En zappant cinq années d'exercice des responsabilités, nous renoncerions à faire le bilan de notre action au gouvernement et par conséquent à en tirer pour l'avenir toutes les leçons utiles.

Pour nous, le devoir d'opposition doit passer avant le droit d'inventaire.

Comment s'opposer à la droite si nous lui fournissons sans cesse des arguments contre notre propre bilan ? Quelle crédibilité peut avoir, dans le débat politique, celui qui n'assume pas son action ?

La décence mais aussi le simple sens des responsabilités et surtout le souci de travailler pour l'avenir doivent nous conduire à assumer ce bilan dans son intégralité.

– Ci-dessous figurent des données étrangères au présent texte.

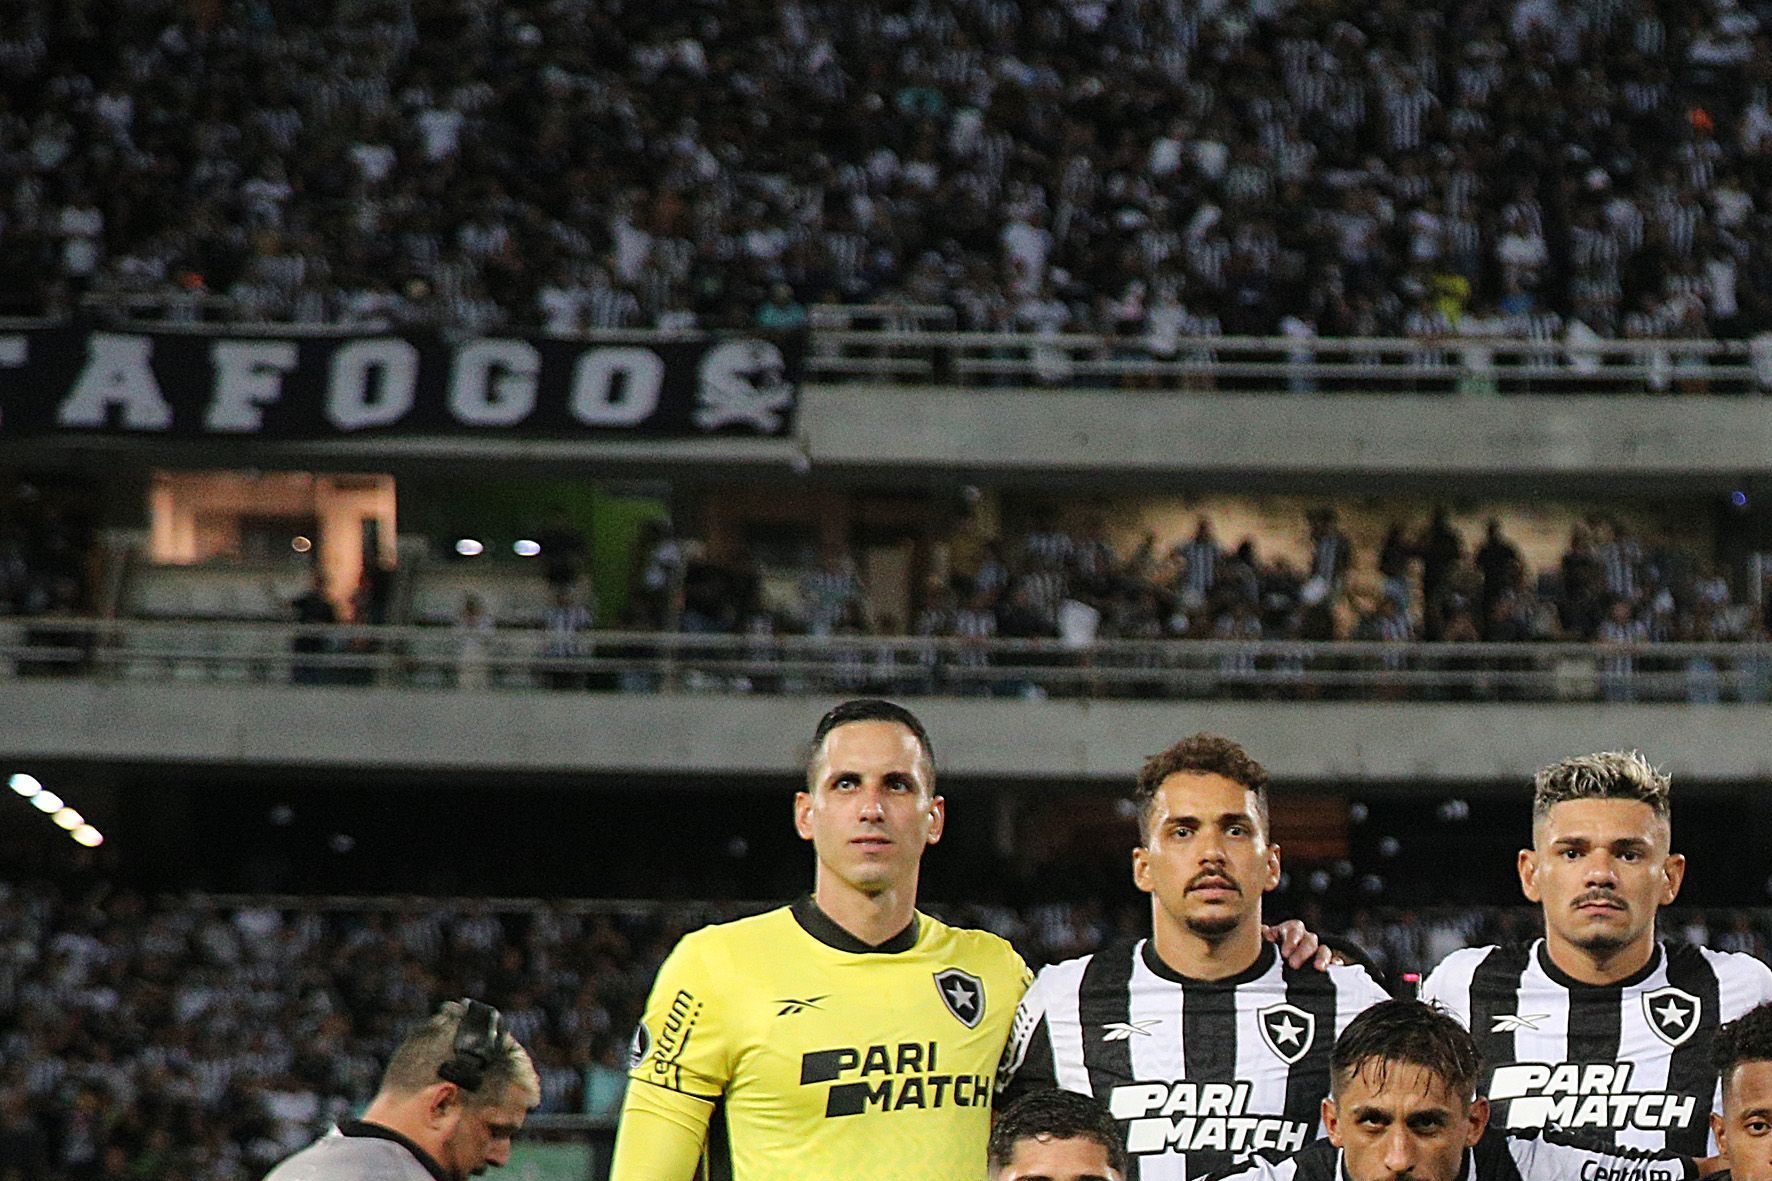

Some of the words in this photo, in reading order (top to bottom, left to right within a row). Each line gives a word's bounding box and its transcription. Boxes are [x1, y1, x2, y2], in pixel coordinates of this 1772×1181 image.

[0, 334, 666, 433] AFOGO
[800, 1041, 938, 1085] PARI
[825, 1074, 990, 1118] MATCH
[1488, 1064, 1631, 1100] PARI
[1110, 1083, 1249, 1120] PARI
[1506, 1094, 1697, 1130] MATCH
[1127, 1117, 1309, 1153] MATCH
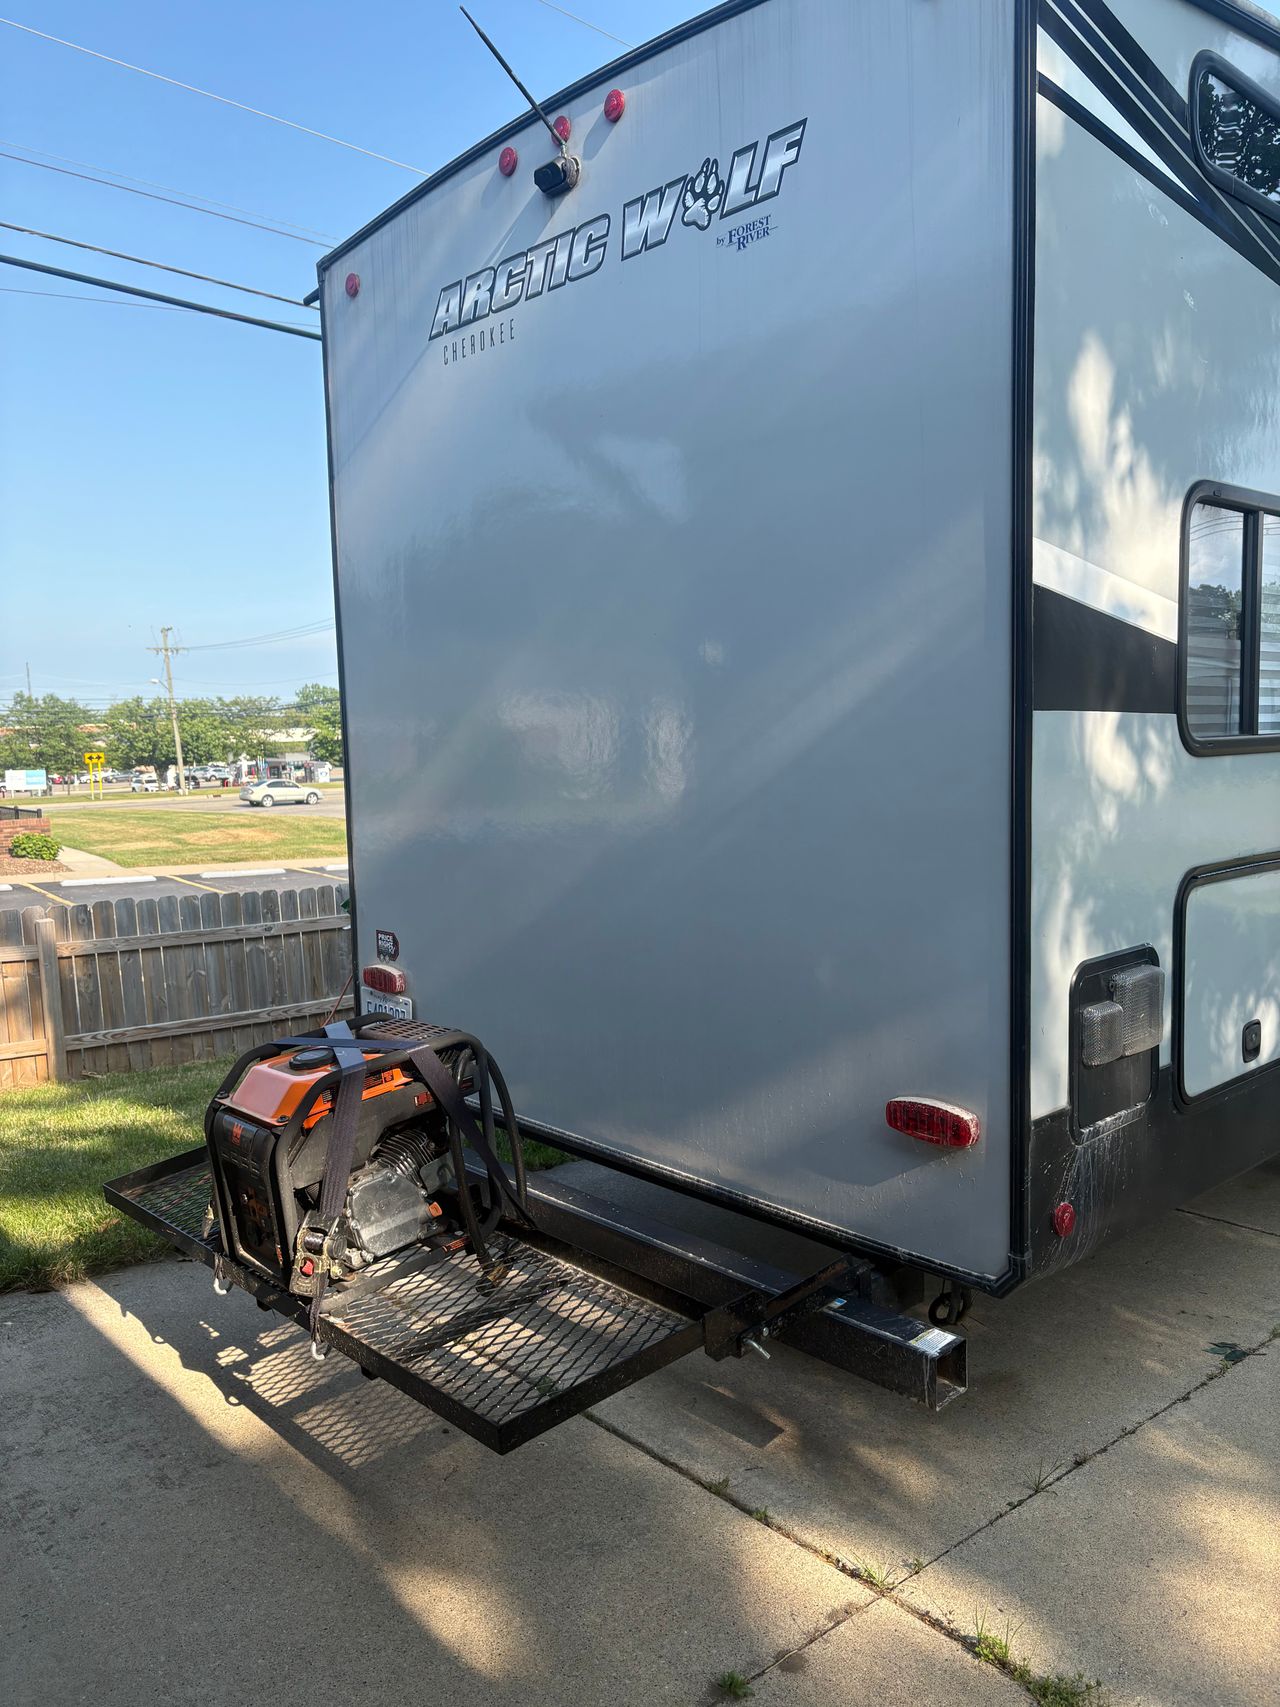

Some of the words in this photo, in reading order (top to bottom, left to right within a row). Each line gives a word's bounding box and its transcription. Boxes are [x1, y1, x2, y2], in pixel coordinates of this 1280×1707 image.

[716, 237, 725, 246] by
[728, 214, 771, 244] FOREST
[736, 226, 770, 251] RIVER
[428, 213, 611, 341] ARCTIC
[443, 318, 515, 366] CHEROKEE

A bien des égards, il est remarquable. Le redressement de notre économie et la relance de la croissance se sont accompagnés d'incontestables progrès sociaux. Qu'il s'agisse de la CMU, de l'APA, de la réduction du temps de travail ou encore des emplois jeunes. Des mouvements en profondeur ont été amorcés sur les sujets de société comme la création du PACS ou la réforme du droit de la famille. Nul doute qu'au fil des mois les Français ne réévaluent ce bilan au regard de la politique de la Droite : la croissance est en panne ; l'emploi en péril ; le dossier EDF a montré combien ce gouvernement se souciait comme d'un guigne du dialogue social et du point de vue des salariés. Assumons notre bilan pour mener à l'Assemblée nationale et devant l'opinion le combat du même mouvement que nous préparons notre congrès et menons notre débat.

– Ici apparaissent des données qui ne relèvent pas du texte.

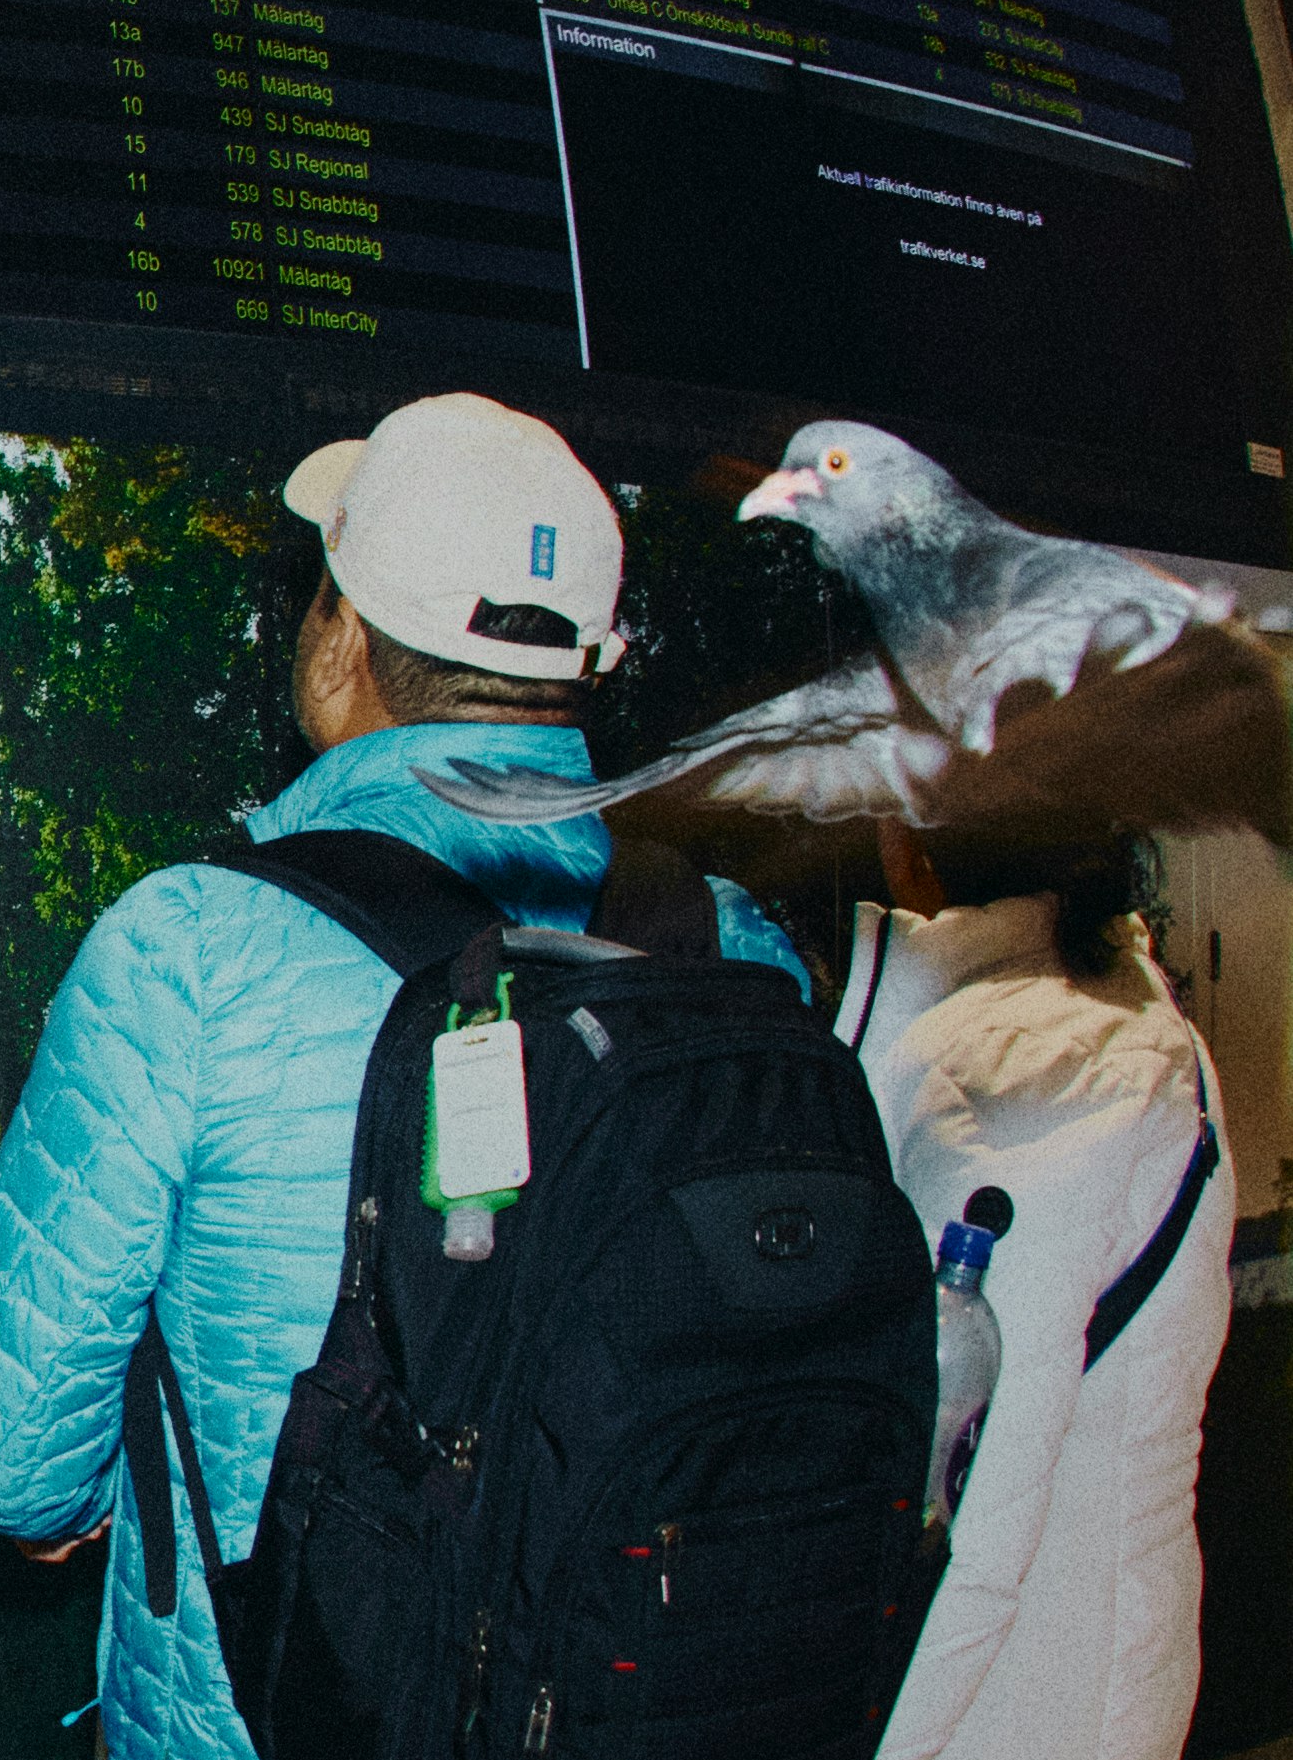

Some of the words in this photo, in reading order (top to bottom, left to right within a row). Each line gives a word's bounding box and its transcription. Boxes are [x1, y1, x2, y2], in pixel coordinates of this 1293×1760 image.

[253, 3, 324, 34] Mälartåg
[257, 39, 329, 70] Mälartåg
[557, 25, 655, 58] Information
[261, 76, 333, 106] Mälartåg
[220, 107, 252, 127] 439
[265, 112, 286, 132] SJ
[292, 115, 370, 147] Snabbtåg
[225, 144, 256, 165] 179
[269, 149, 291, 170] SJ
[296, 153, 368, 179] Regional
[227, 182, 259, 202] 539
[272, 187, 294, 208] SJ
[299, 191, 378, 223] Snabbtåg
[818, 165, 861, 186] Aktuell
[864, 175, 963, 207] trafikinformation
[965, 196, 994, 216] finns
[996, 204, 1025, 222] även
[1026, 211, 1043, 228] på
[230, 221, 262, 242] 578
[276, 226, 298, 247] SJ
[303, 229, 382, 261] Snabbtåg
[128, 251, 160, 271] 16b
[213, 258, 264, 280] 10921
[900, 240, 986, 269] trafikverket.se
[279, 265, 352, 296] Mälartåg
[236, 299, 268, 321] 669
[282, 304, 304, 325] SJ
[310, 308, 377, 337] InterCity

Pour nous, la Gauche n'a pas perdu parce qu'elle n'était pas assez à Gauche, mais parce que son projet n'était pas en phase avec les attentes des Français.

Comment dès lors expliquer qu'après avoir fait reculer le chômage et mis tant de réformes en chantier, nous ayons perdu ? Comment avons-nous pu ainsi transformer l'or en plomb ? Au-delà du poids de l'obsession sécuritaire, au-delà des divisions de la Gauche qui ont fait leur œuvre, deux grandes explications s'imposent avec d'autant plus de force qu'elles sont des invitations à agir et à changer.

D'abord, nous avons été victimes d'une manière de gouverner que nous n'avons pas su faire évoluer à temps. Au fil des mois, la distance avec les citoyens s'est accentuée et s'est alourdi le poids de l'Etat sur les partenaires sociaux, de l'administration sur les responsables politiques, des médias sur l'action gouvernementale, du gouvernement sur le parti, étouffant le débat, érodant l'esprit critique. Nous y reviendrons.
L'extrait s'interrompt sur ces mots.